Eventuali correzioni e integrazioni sono davvero ben accolte.

Qualche fonte:

\*: [https://it.wikipedia.org/wiki/Torino](https://it.wikipedia.org/wiki/Torino)

\*\*: [https://www.sicurauto.it/news/attualita-e-curiosita/auto-per-abitante-in-valle-daosta-la-media-piu-alta-nellue/](https://www.sicurauto.it/news/attualita-e-curiosita/auto-per-abitante-in-valle-daosta-la-media-piu-alta-nellue/)

\*\*\*: [https://www.autoo.it/magazine/news/auto-piu-vendute-2022-classifica-e-panoramica-mercato](https://www.autoo.it/magazine/news/auto-piu-vendute-2022-classifica-e-panoramica-mercato)

\*\*\*\*: [https://www.quotidianomotori.com/automobili/torino-suv-gomme-sgonfie/](https://www.quotidianomotori.com/automobili/torino-suv-gomme-sgonfie/)

\*\*\*\*\*: [https://www.virgilio.it/italia/torino/cat/OSPEDALI.html](https://www.virgilio.it/italia/torino/cat/OSPEDALI.html)

\*\*\*\*\*\*: [https://www.aogoi.it/iniziative/speciale-vaccini-in-gravidanza/ecco-la-hit-parade-delle-prime-20-cause-di-morte-piu-probabili-al-mondo/](https://www.aogoi.it/iniziative/speciale-vaccini-in-gravidanza/ecco-la-hit-parade-delle-prime-20-cause-di-morte-piu-probabili-al-mondo/)

by acetaldeide

6 comments
  1. Guida sul da farsi se si becca uno a sgonfiarti le ruote della macchina:

    Step 1: controlla che non ci sia una gopro sul petto

    Step 2: guardare a destra e sinistra, assicurarsi no testimoni

    Step 3: testata sul naso alla chiedimi se sono felice

    Step 4: andarsene

  2. Propongo una nuova tesi, che dovrebbe essere ovvia ma forse sfugge ai tuoi calcoletti: rovinare la proprietà privata altrui è moralmente indifendibile. Non conosci quella persona, non sai se l’auto è la sua o se è in prestito, non sai se ha già avuto una brutta giornata alla quale vai ad aggiungere un danno gratuito, non sai se soffre di depresisone ed è ad un paio di frustrazioni di distanza dall’impiccarsi, o se deve fare presto a prendere da scuola il figlio di 7 anni perché dopo ha un appuntamento importante dal medico o un colloquio di lavoro. Di quella persona non sai nulla, a parte che non è lui o lei a decidere quanto devono inquinare le industrie di cui anche tu usufruisci.
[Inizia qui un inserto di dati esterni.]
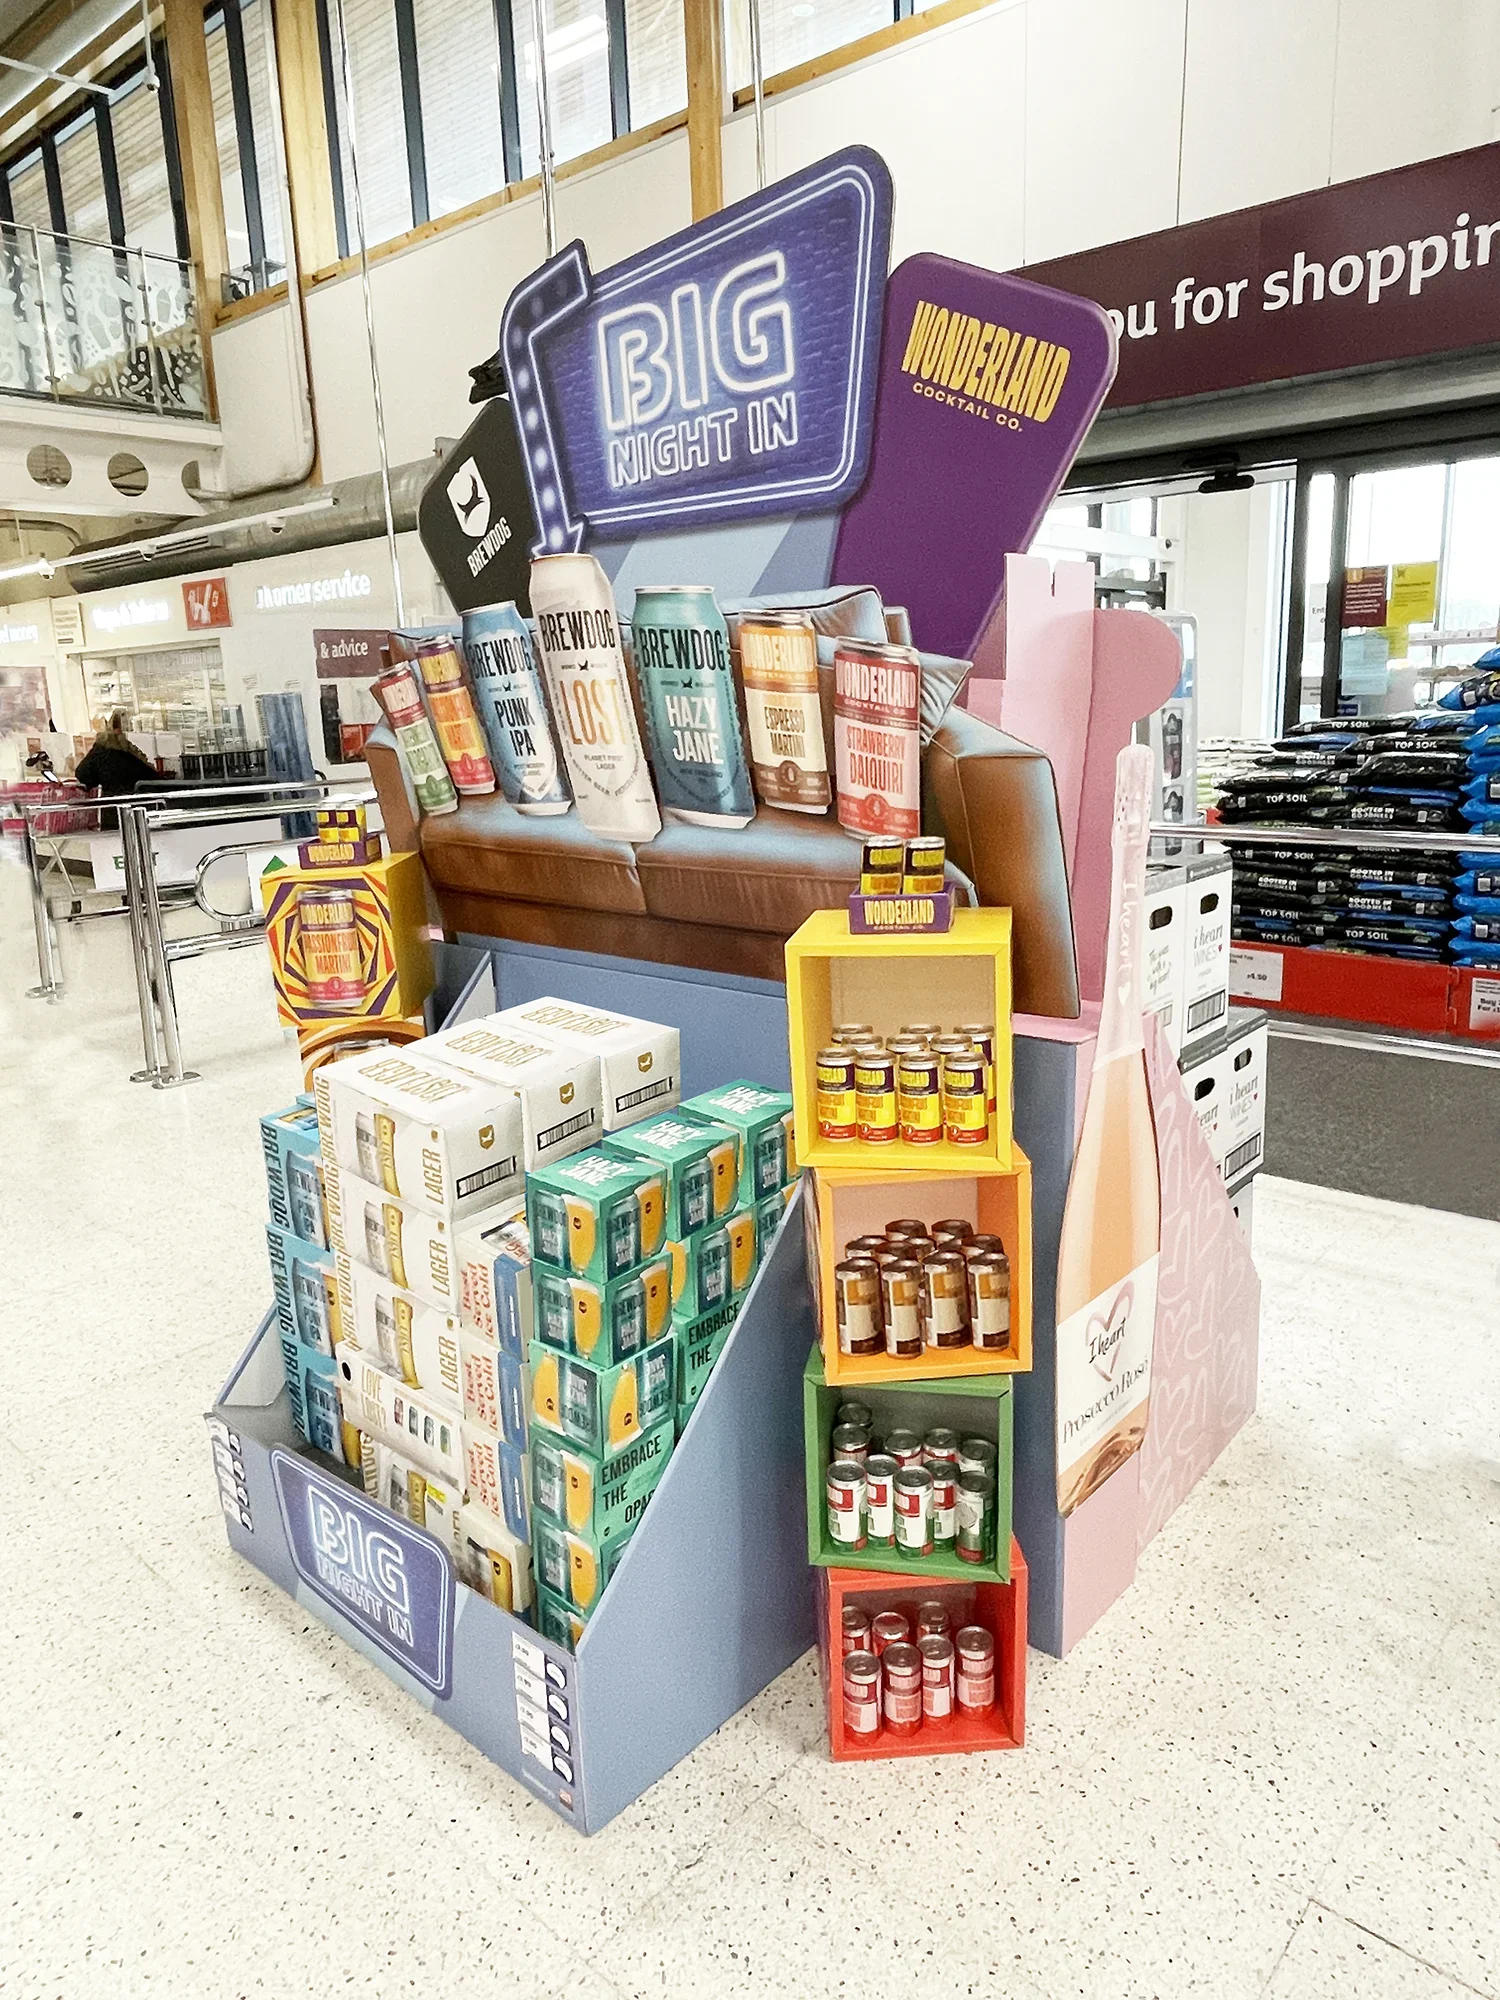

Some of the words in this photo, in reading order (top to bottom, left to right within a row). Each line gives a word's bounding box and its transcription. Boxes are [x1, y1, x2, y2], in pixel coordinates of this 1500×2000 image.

[1107, 299, 1158, 341] ou
[1170, 277, 1249, 330] for
[598, 249, 796, 432] BIG
[901, 300, 1071, 424] WONDERLAND
[912, 382, 991, 420] COCKTAIL
[995, 413, 1024, 433] CO.
[608, 407, 738, 489] NIGHT
[748, 391, 799, 455] IN
[467, 517, 512, 577] BREWDOG
[313, 569, 371, 602] service
[320, 641, 330, 659] &
[331, 638, 369, 658] advice
[538, 608, 616, 653] BREWDOG
[638, 627, 727, 672] BREWDOG
[468, 635, 533, 680] BREWDOG
[836, 658, 918, 710] WONDERLAND
[844, 698, 892, 713] COCKTAIL
[493, 696, 536, 729] PUNK
[559, 678, 628, 746] LOST
[664, 694, 718, 731] HAZY
[764, 706, 806, 734] ESPRESSO
[1331, 721, 1347, 729] TOP
[1350, 720, 1370, 728] SOIL
[509, 728, 537, 757] IPA
[672, 729, 725, 766] JANE
[846, 725, 908, 761] STRAWBERRY
[1395, 741, 1413, 749] TOP
[1415, 740, 1437, 749] SOIL
[850, 752, 905, 795] DAIQUIRI
[1266, 795, 1284, 803] TOP
[1286, 794, 1308, 802] SOIL
[1274, 851, 1292, 859] TOP
[1294, 852, 1315, 860] SOIL
[864, 899, 935, 925] WONDERLAND
[1260, 908, 1277, 917] TOP
[1279, 910, 1300, 920] SOIL
[1117, 901, 1138, 973] heart
[1261, 932, 1279, 941] TOP
[1281, 933, 1302, 943] SOIL
[1345, 929, 1363, 939] TOP
[1367, 931, 1389, 940] SOIL
[708, 1097, 759, 1115] JANE
[726, 1086, 781, 1105] HAZY
[1196, 1104, 1219, 1127] eart
[632, 1132, 687, 1150] JANE
[651, 1120, 707, 1140] HAZY
[261, 1122, 291, 1229] BREWDOG
[422, 1147, 444, 1205] LAGER
[558, 1168, 614, 1187] JANE
[577, 1155, 635, 1177] HAZY
[266, 1230, 297, 1336] BREWDOG
[429, 1239, 451, 1297] LAGER
[478, 1262, 491, 1309] Cold
[688, 1300, 741, 1347] EMBRACE
[1089, 1337, 1098, 1364] I
[1097, 1317, 1127, 1357] heart
[439, 1335, 459, 1394] LAGER
[481, 1355, 495, 1402] Cold
[690, 1348, 713, 1370] THE
[1062, 1383, 1120, 1444] Prosecco
[483, 1443, 497, 1488] Cold
[601, 1434, 662, 1486] EMBRACE
[602, 1480, 628, 1512] THE
[308, 1484, 410, 1614] BIG
[316, 1551, 383, 1623] NIGHT
[386, 1605, 414, 1648] IN
    Le persone hanno già i propri problemi nella vita a cui badare, non serve aggiungerne di altri, ma questo lo puoi capire soltanto se hai una vita, e chi fa cose di questo genere generalmente non ne ha una, altrimenti si preoccuperebbe della propria vita anziché disturbare le altre. Non dico che sia sbagliato protestare contro l’inquinamento. Ma non è questo il modo per farlo. Non prendendosela con le persone a caso. Vuoi prendertela con qualcuno? Vai ad occupare il parlamento, che diamine. E’ li che stanno le persone che se volessero potrebbero fare qualcosa. Unisciti a un partito ecologista della tua zona e fai petizioni per proposte di legge green. Fai qualcosa di concreto, non i dispettucci da asilo che hanno come unico effetto incattivire le persone.

  3. Ok, allora dato che tu hai una casa più grande della mia e che sicuramente è costata più soldi e più materiali (+inquinamento), secondo il tuo ragionamento io avrei il diritto di venire a casa tua, piazzare una bomba e lasciare un foglietto nella tua cassetta della posta con scritto “La tua casa è sparita perché ha inquinato troppo, la prossima volta spero sceglierai di vivere in una baracca di 3×3 metri🥰”.

    Questi sono atti vandalici punto e basta, nessuno ti dà il diritto di danneggiare la proprietà altrui ed è assurdo aspettarsi che la gente capisca. Se l’Italia non prenderà una strada più ambientalista sarà solo per colpa di questi estremisti, perché ci state veramente facendo odiare anche da chi ci tiene all’ambiente.